Vous souffrez peut-être d’une infection urinaire, que l’on appelle également cystite. Une femme sur deux connaîtra un ou plusieurs épisodes de ​cystite au cours de sa vie. Les hommes ne sont pas non plus à l’abri d’une infection urinaire.

Sommaire

Mais comment reconnaître cette infection ? Quels sont les symptômes de la cystite ? Qu’est-ce qui cause cette infection ? Comment peut-on soulager les symptômes et quels sont les moyens pour prévenir la récidive ?

Point sur cette affection fréquente et l’apport de l’ostéopathie dans la prise en charge de ce trouble.

Accédez directement à la partie de l’article qui vous intéresse, grâce au sommaire.

Qu’est-ce qu’une cystite au juste ?

On parle de cystite pour définir une infection urinaire retrouvée au niveau de la vessie.
C’est la présence et la prolifération du germe Escherichia coli (E. coli) qui est bien souvent la cause de cette infection.
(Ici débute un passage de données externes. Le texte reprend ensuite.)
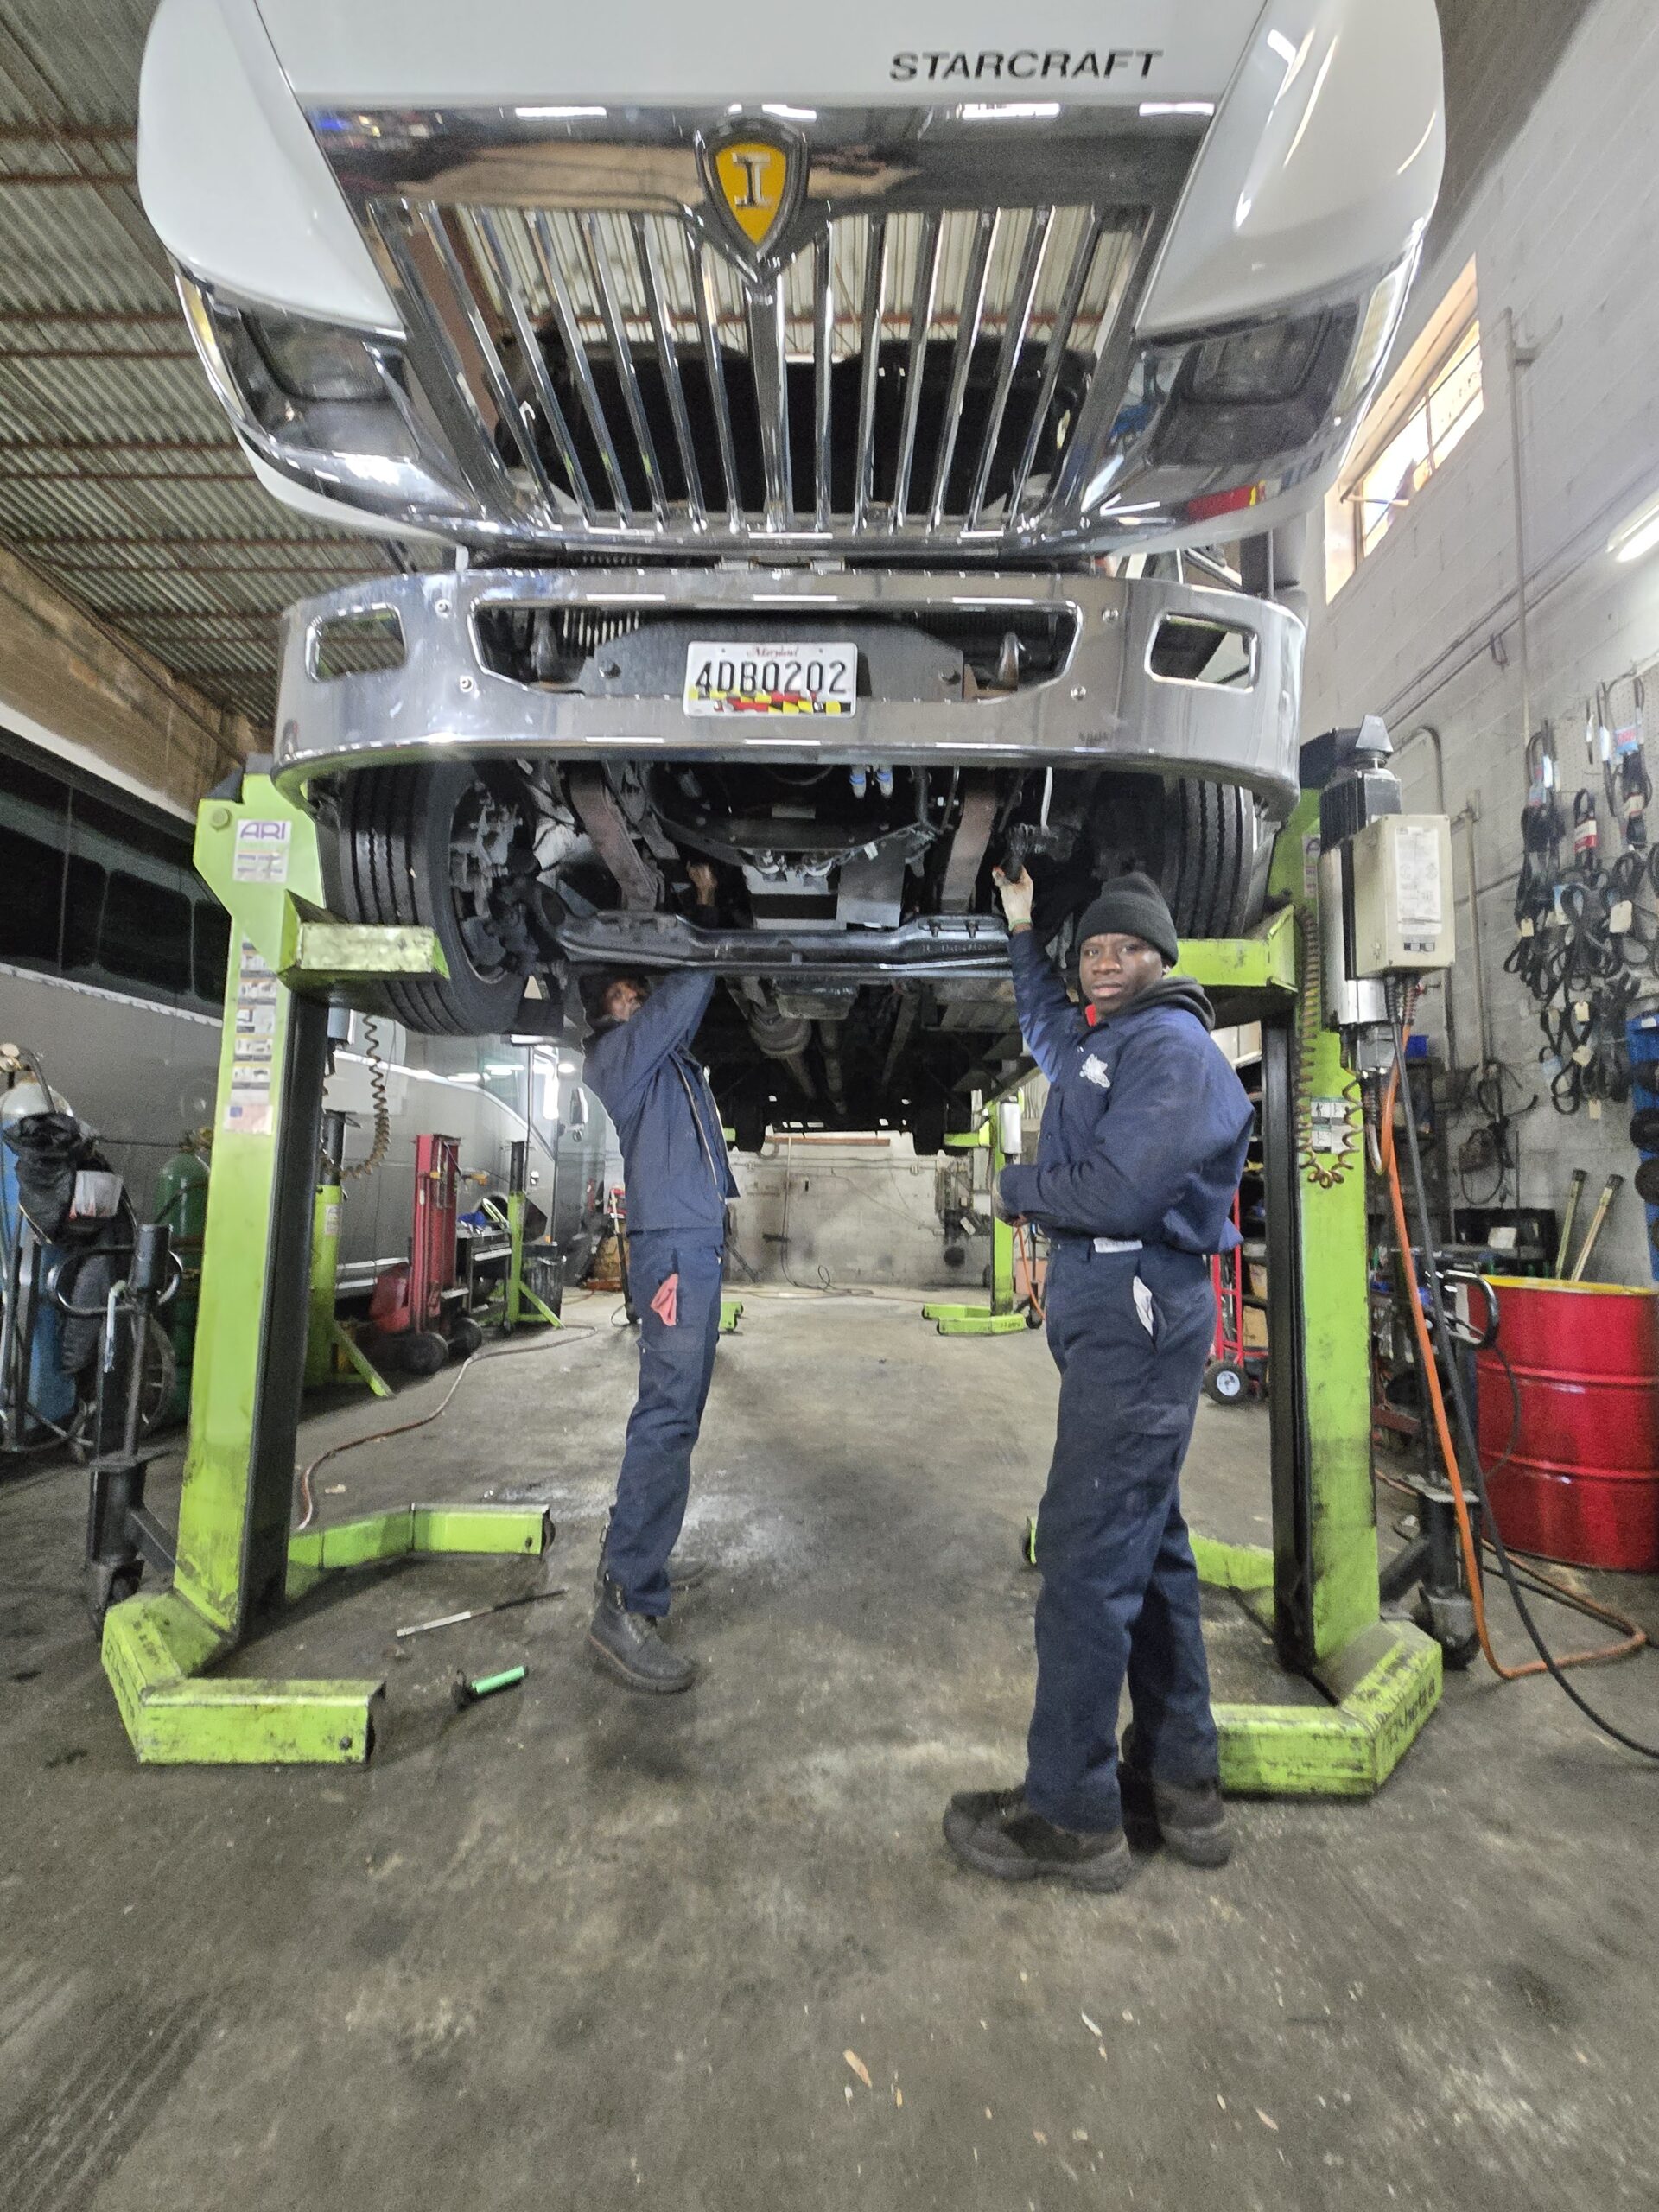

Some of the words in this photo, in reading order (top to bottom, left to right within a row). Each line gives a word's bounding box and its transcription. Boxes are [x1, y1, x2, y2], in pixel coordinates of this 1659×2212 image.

[889, 49, 1164, 81] STARCRAFT
[695, 660, 847, 696] 4DB0202
[240, 822, 286, 840] ARI
Bien que d’autres bactéries ou micro-organismes puissent en être à l’origine.

Existe-t-il différentes formes de cystite ?

On classe les cystites en fonction de leur risque de complication et leur fréquence d’apparition :

  • La cystite aiguë : ne vous laissez pas tromper par son nom. Il s’agit de la cystite classique (parfois appelée cystite simple). Elle est ponctuelle et non ascendante (elle reste localisée dans la vessie) et peut toucher tout le monde.
  • La cystite aiguë récidivante : idem, mais elle surviendra à une fréquence plus élevée. On parle généralement de cystite récidivante lorsque celle-ci se manifeste au moins 4 fois par an.
  • La cystite compliquée : plus rare, elle comporte un risque de complication. L’infection remonte vers les reins si elle n’est pas traitée, on parle alors de pyélonéphrite, une infection urinaire haute.

Cystite interstitielle

Peut-être avez-vous déjà entendu parler de la cystite interstitielle ? Elle présente les mêmes symptômes que la cystite commune (d’origine bactérienne). Néanmoins dans la cystite interstitielle, aucun germe n’est à l’origine de l’atteinte. Ce trouble est également appelé syndrome de la vessie douloureuse et nécessite une prise en charge particulière.

Quels sont les symptômes de l’infection urinaire ?

La cystite est caractérisée par une infection de la vessie. Ce trouble est particulièrement inconfortable. En voici quelques manifestations :

  • Envie fréquente et pressante d’uriner.
  • Douleurs lorsque vous urinez. C’est en général, le premier signe que vous observez. Il s’agit le plus souvent de douleurs de type brûlures. Au niveau de l’urètre, à l’intérieur du pénis chez l’homme. Au niveau bas ventre chez la femme, en arrière du pubis.
  • Dysurie : miction nécessitant un effort de votre part mais se limitant à quelques gouttes seulement.
  • Sensation d’inconfort, de pesanteur au niveau du bas ventre et douleurs pelviennes.
  • Urine malodorante ou sang dans les urines.

Fièvre et infection urinaire

Une fièvre peut se déclarer, mais elle n’est pas toujours présente. C’est un symptôme inconstant auquel on ne peut pas réellement se fier.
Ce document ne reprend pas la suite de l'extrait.